The defendants immediately challenged that ruling in the US Court of Appeals for the 5th Circuit, which halted all of the lower court proceedings, including the imminent Aug. 30 hearing. The appeals court denied requests by the abortion providers to either stop SB 8 from taking effect in the meantime or at least expedite the proceedings before the appeals court.

The abortion providers then filed an emergency action on Aug. 30 asking the Supreme Court to intervene, asking the justices to consider temporarily blocking the law or at least lifting the 5th Circuit order that prevented the judge in Austin from ruling on whether to grant an injunction. The justices had signaled they might issue some sort of decision before the Sept. 1 start date. Justice Samuel Alito Jr., who handles emergency matters that come out of the 5th Circuit, ordered the Texas defendants to file a response by 5 p.m. on Aug. 31, an abnormally fast schedule that the court only adopts for time-sensitive issues.

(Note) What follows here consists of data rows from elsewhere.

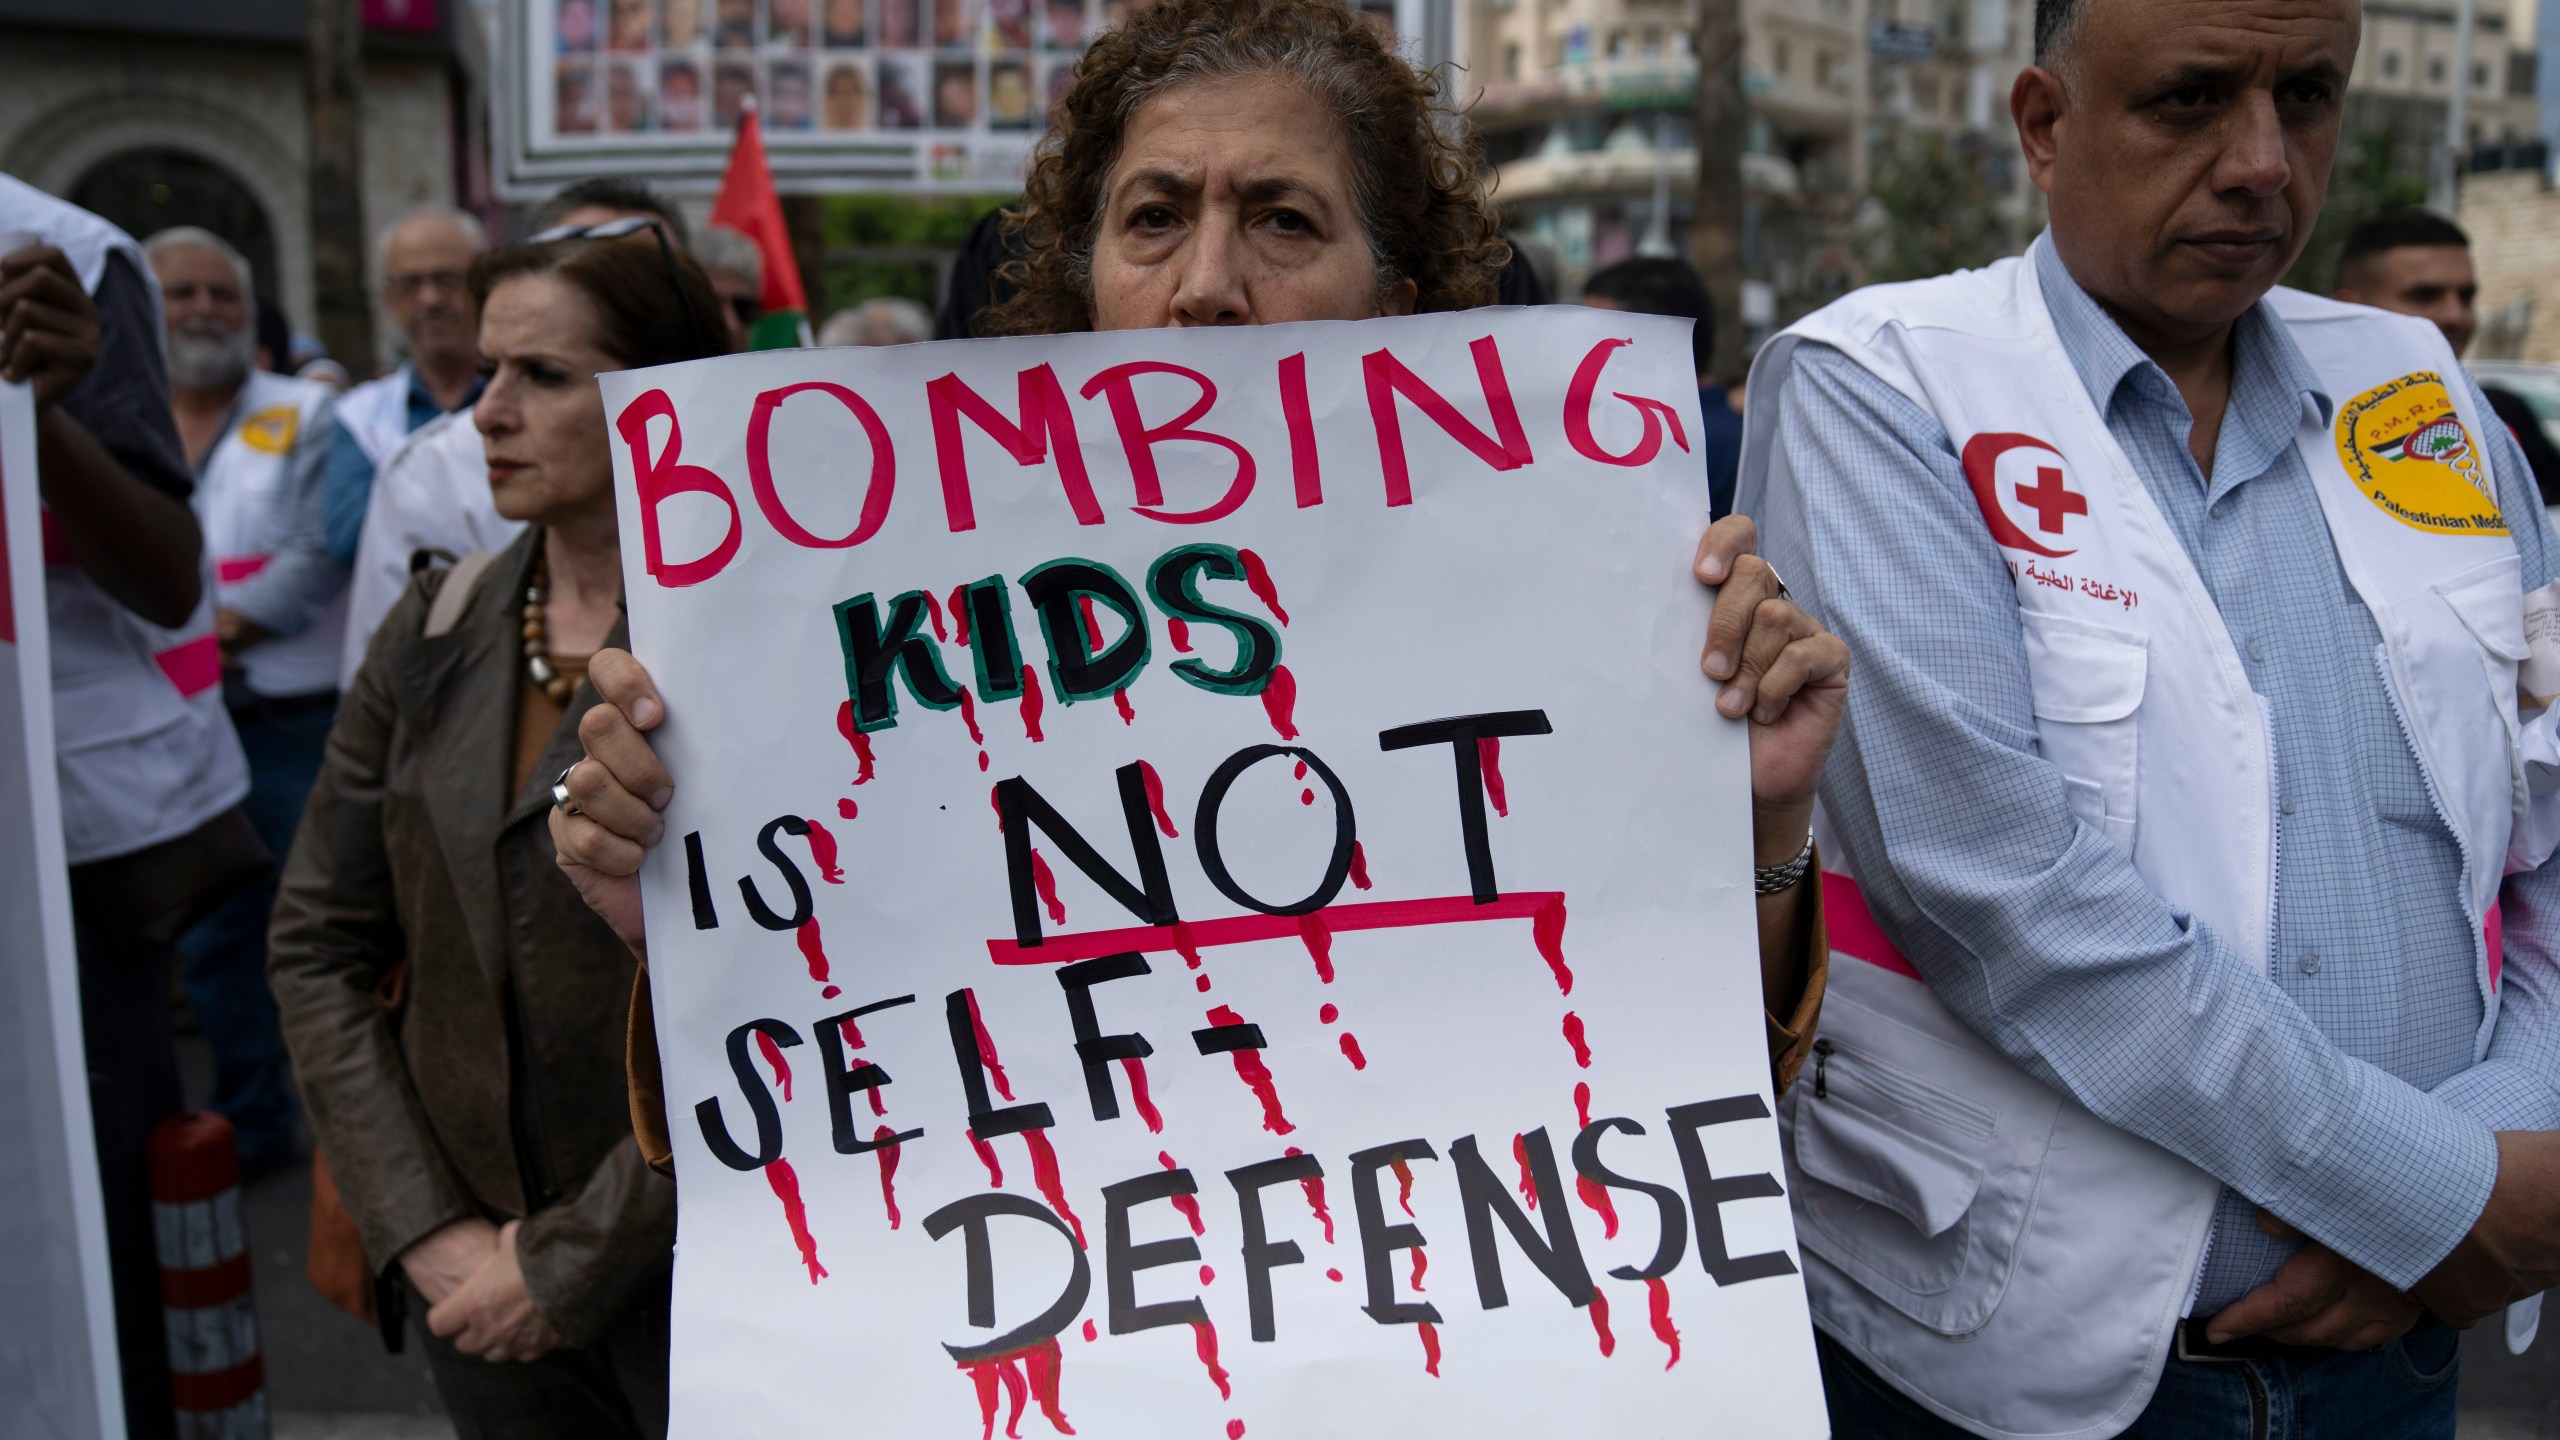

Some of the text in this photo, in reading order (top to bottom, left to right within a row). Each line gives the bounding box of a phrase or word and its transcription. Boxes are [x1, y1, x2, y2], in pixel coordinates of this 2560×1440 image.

[615, 333, 1692, 590] BOMBING
[2373, 489, 2471, 530] Palestinian
[832, 543, 1284, 735] KIDS
[2025, 558, 2075, 593] الطبية
[2081, 577, 2139, 611] الإغاثة
[683, 708, 1554, 949] IS NOT
[694, 950, 1269, 1172] SELF-
[922, 1093, 1799, 1362] DEFENSE
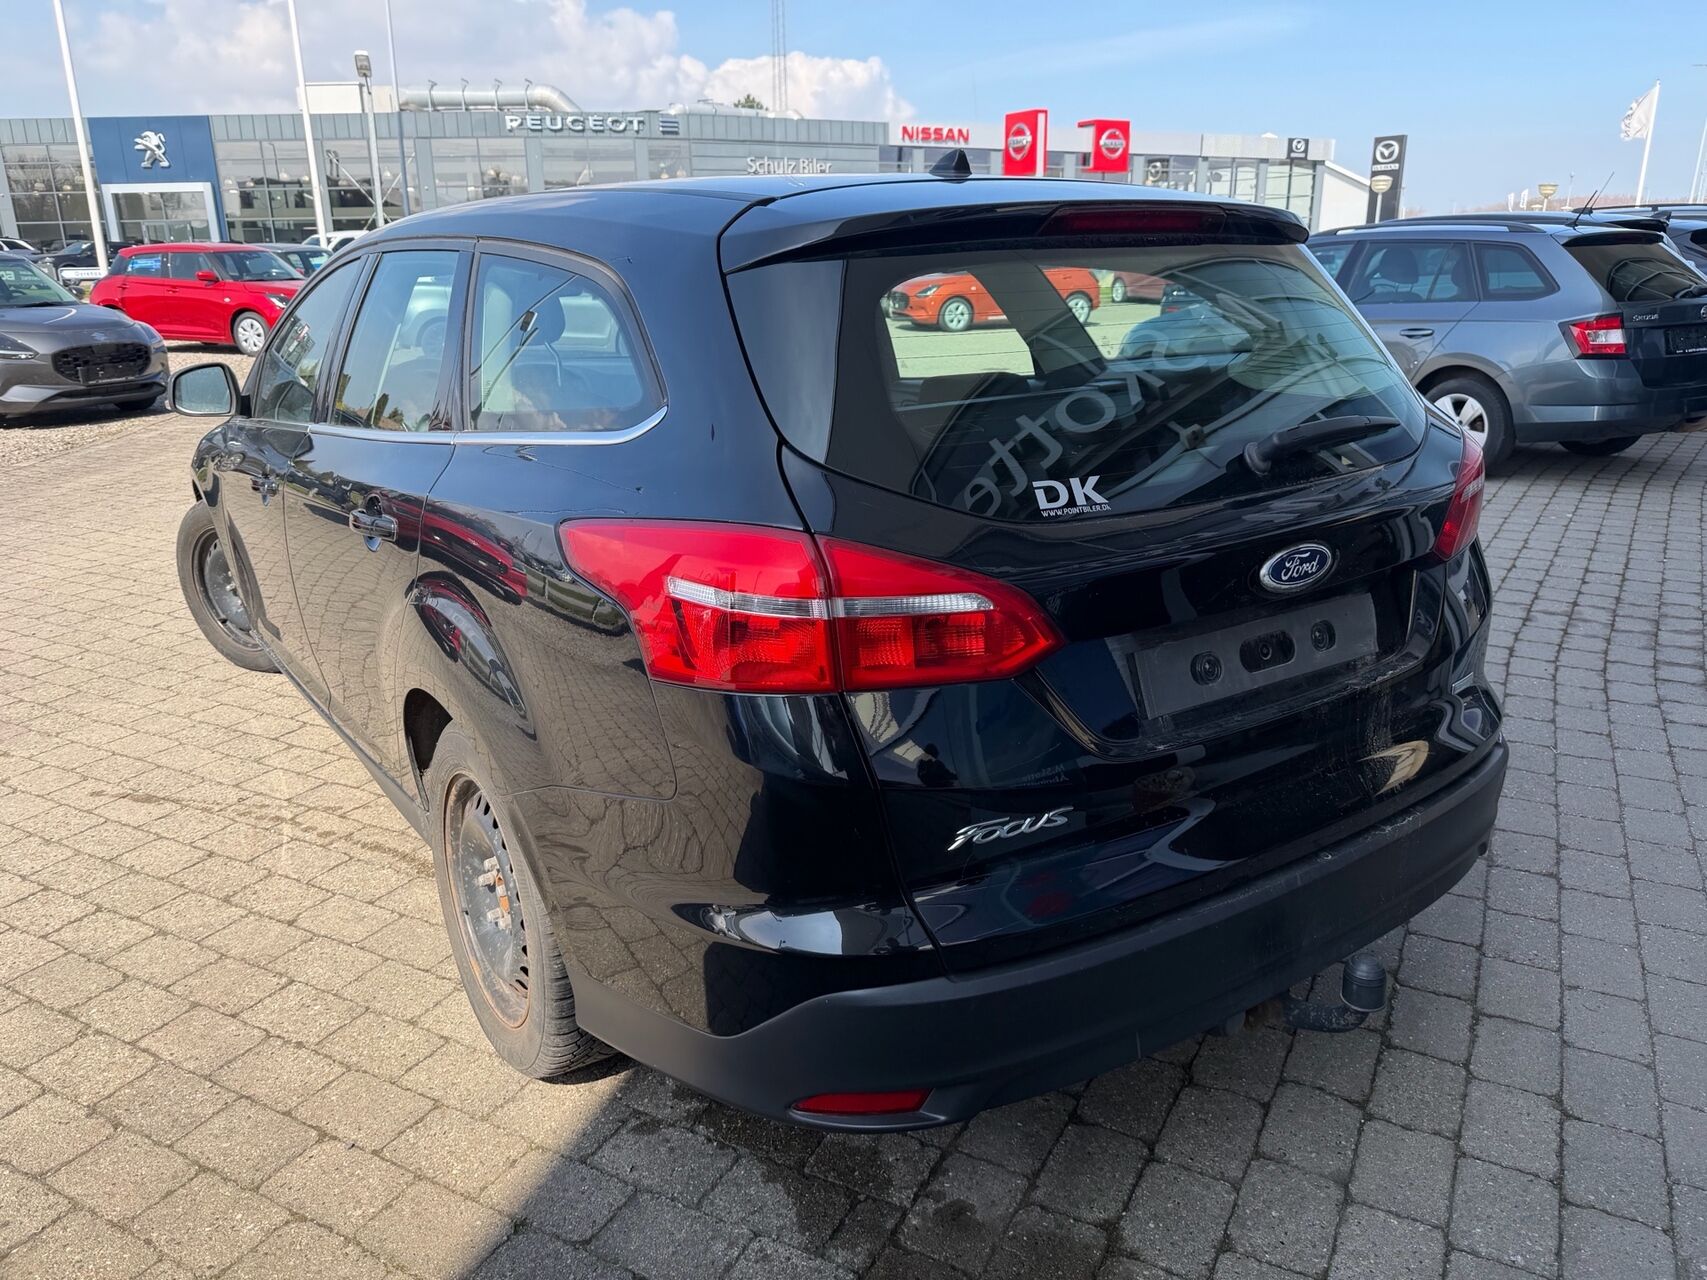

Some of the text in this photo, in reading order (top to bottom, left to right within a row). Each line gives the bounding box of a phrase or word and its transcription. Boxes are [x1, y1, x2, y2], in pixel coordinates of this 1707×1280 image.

[505, 115, 644, 133] PEUGEOT
[901, 125, 970, 144] NISSAN
[1032, 475, 1109, 510] DK
[1040, 503, 1111, 518] WWW.POINTBILER.DK
[1280, 551, 1320, 581] Ford
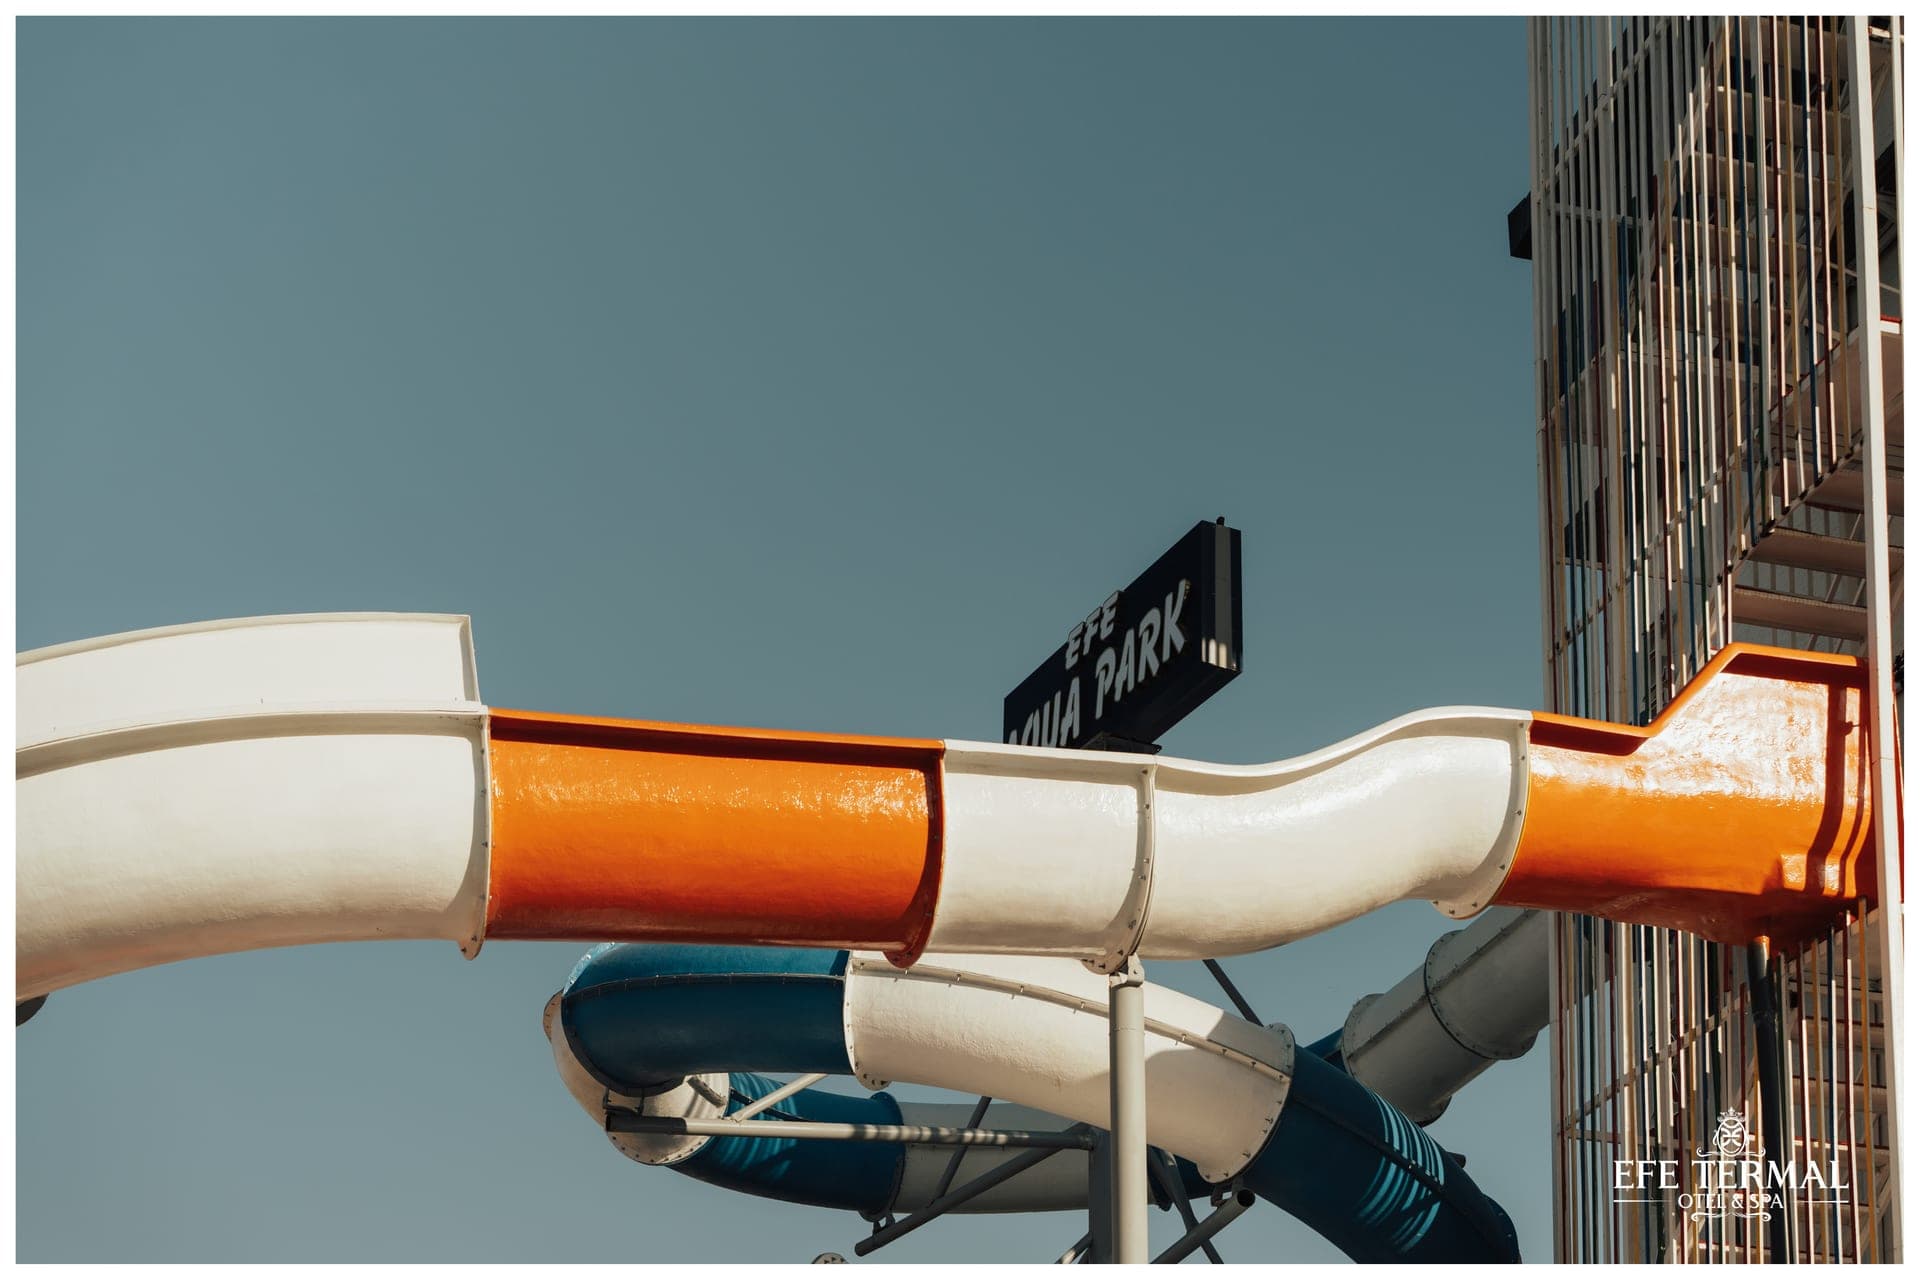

But midnight in Texas came and went, and there was no order from the court. In the hours and, in some cases, minutes before the law took effect, abortion providers raced to serve patients; Amy Hagstrom Miller, CEO of Whole Woman’s Health, which operates four clinics in Texas, told reporters that they performed their final abortion procedure at 11:56 p.m. Tuesday.

Clinics that perform abortions can continue to operate and provide abortions before the 6-week mark, but advocates underscored that those procedures make up a small fraction of the work they normally do. Patients who could now no longer legally obtain an abortion in the state were left in limbo and faced with limited options: make arrangements to travel out of state — an option that can be simply out of reach because of the cost and time involved — or wait to see if the Supreme Court or other judges might still halt the law.

The Supreme Court’s order doesn’t end the constitutional fight over SB 8 in the lower courts. The case now will go back to the 5th Circuit to resolve some of the threshold issues that the Texas defendants had raised in opposing the lawsuit. Depending on what those judges decide, it could still go back to the federal district judge in Austin to resume handling the case on its normal trajectory or make its way up to the Supreme Court again.